You have heard about sustainable traveling but what about as a Muslim traveler?
While we may all love to travel to the most viral cafes, the latest museums, and Instagrammable locations, tourism can often cause more harm than good.
For example, Mount Everest is now labeled as the “World’s Highest Garbage Dump” due to the amount of trash scattered across the mountains. This can cause serious health issues for the locals who survive on snowmelt as their water source.
Here is how you can approach traveling responsibly the Halal way:
Yes, overtourism is a real thing.
The holiday season is when we see traffic congestion in popular locations, emitting more carbon emissions. Trains may break down, which was what I experienced first-hand during Easter in London, and this will cause an inconvenience to local communities.
Consider taking additional leaves and traveling during non-peak seasons. It’s a bonus if you choose underrated destinations such as Lombok, Indonesia. Not only will you get cheaper fares, but also a more peaceful experience without the overwhelming crowd!
While single-use cutleries and disposable toiletries are super convenient, it is not convenient for the environment.
Try to bring a reusable water bottle and a reusable shopping bag to avoid using disposable items. You can also pack your own shampoo and soap in your reusable travel-sized bottles. This will reduce your overall waste as most of these disposable items are wrapped in plastic, causing more trash.
Also, purchasing a new water bottle every day can be costly.
Choose public transportation such as the train or bus to get around the city. If you have time, explore local attractions by cycling or on foot. You can burn some calories along the way too from all the walking you’ve done. I ended up burning 600 calories on a 20,000-step walk in a day around the city!
Noticed a nearby cafe that has few Google reviews? Why not show some support to these local communities?
Rather than waiting in long queues to try a restaurant’s viral dish (which can sometimes be subpar in flavor), be adventurous and explore the surrounding neighborhood around you. This was how I discovered Hayat Paddington, a family-owned Halal restaurant that serves authentic Mediterranean meals.
You will definitely enjoy your trip more as you are not only giving back to the community but also saving time to explore other attractions!
While it can be easy to lose track of time when you are constantly moving to different places, prayer is still a No.1 priority. Think about seeking out locations with nearby mosques or places of worship so you can conduct your daily prayers with ease.

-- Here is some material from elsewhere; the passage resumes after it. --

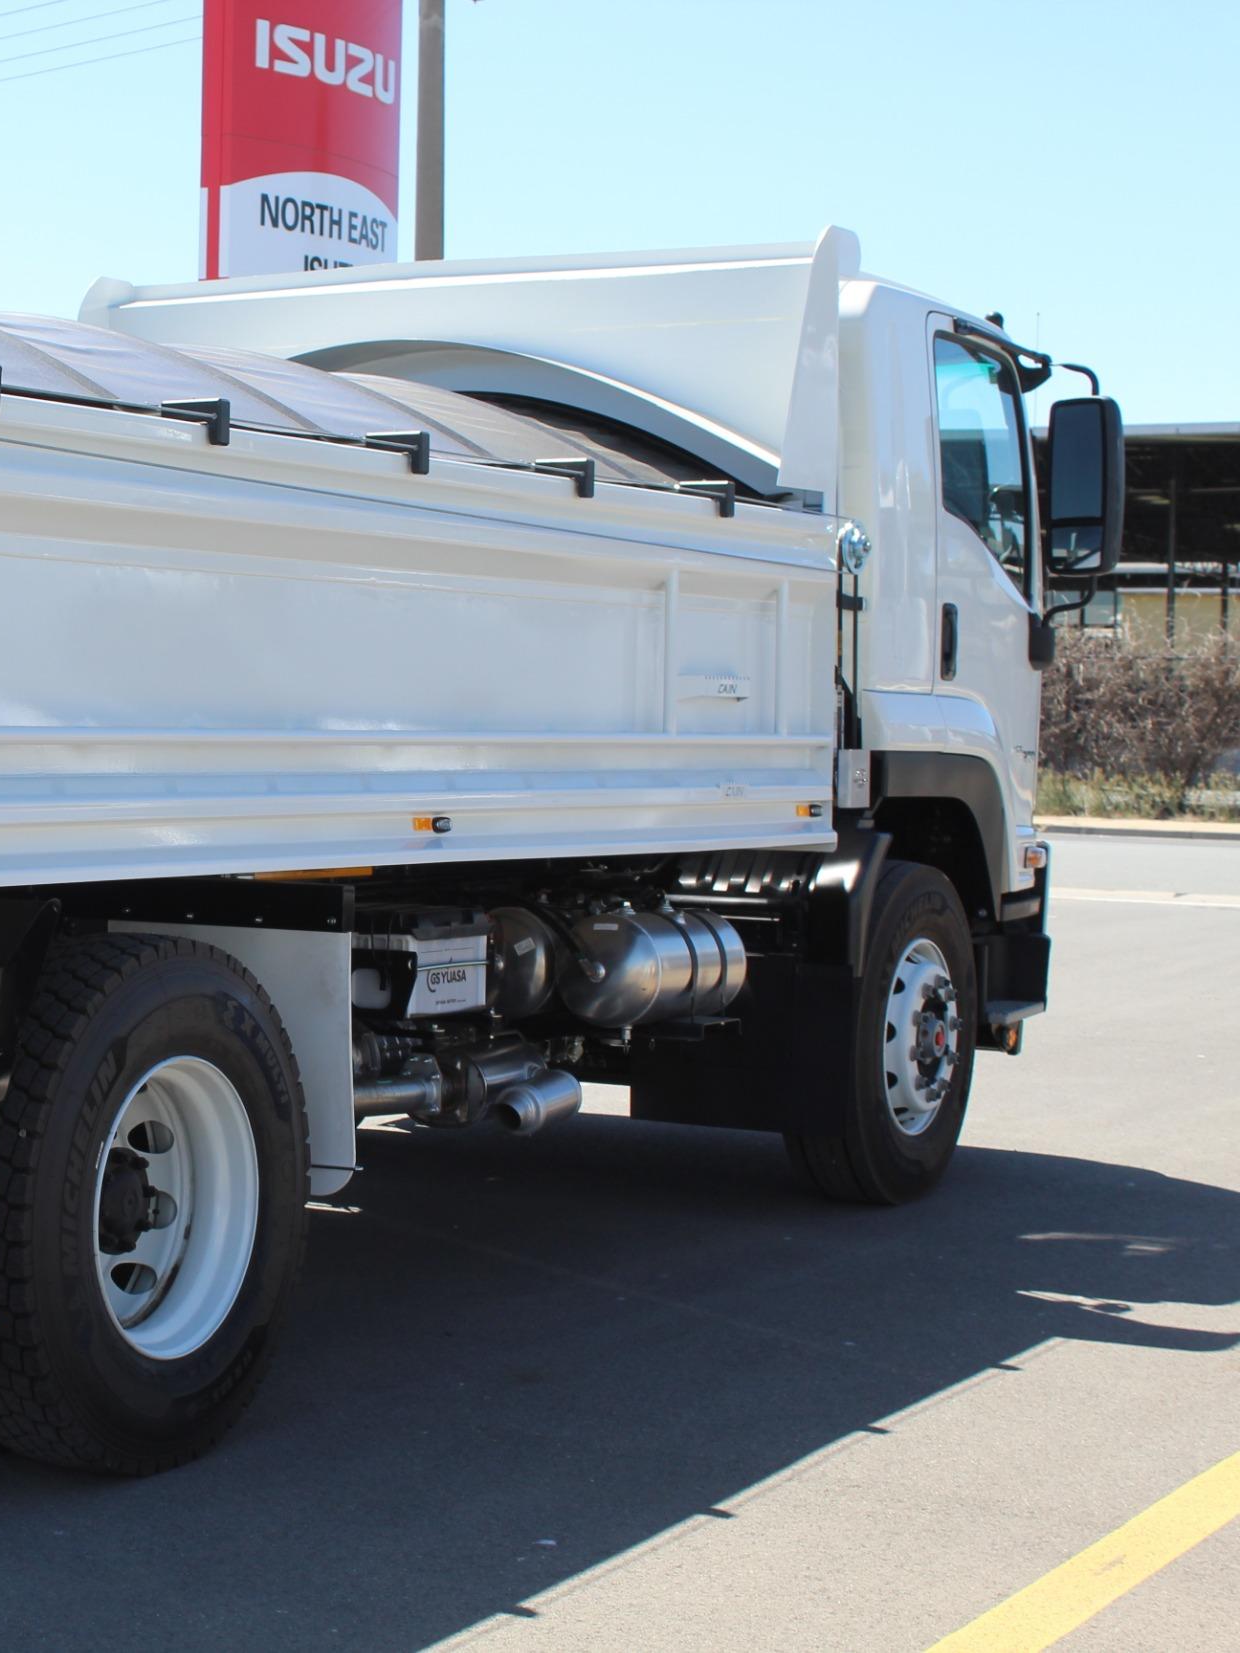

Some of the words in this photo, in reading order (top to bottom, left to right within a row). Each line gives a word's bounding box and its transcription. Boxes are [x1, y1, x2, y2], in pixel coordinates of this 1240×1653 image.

Research in advance what are the Halal restaurants and Halal food available in the area or if advanced booking for Halal requests is required. That way, you can make informed decisions without sacrificing your values and principles.
Sustainable traveling is being conscious of the social and environmental impact while visiting different communities and countries.
It focuses on long-term efforts to protect our surroundings for future generations as natural resources continue to deplete and pollution becomes rampant. This could also mean choosing to take transportation with lower carbon emissions.
We hope that you have picked up some practical guidelines on how you can become a sustainable Muslim traveler. Most importantly, always practice kindness whether it is to strangers or animals. Choose activities that do not exploit communities but preserve them.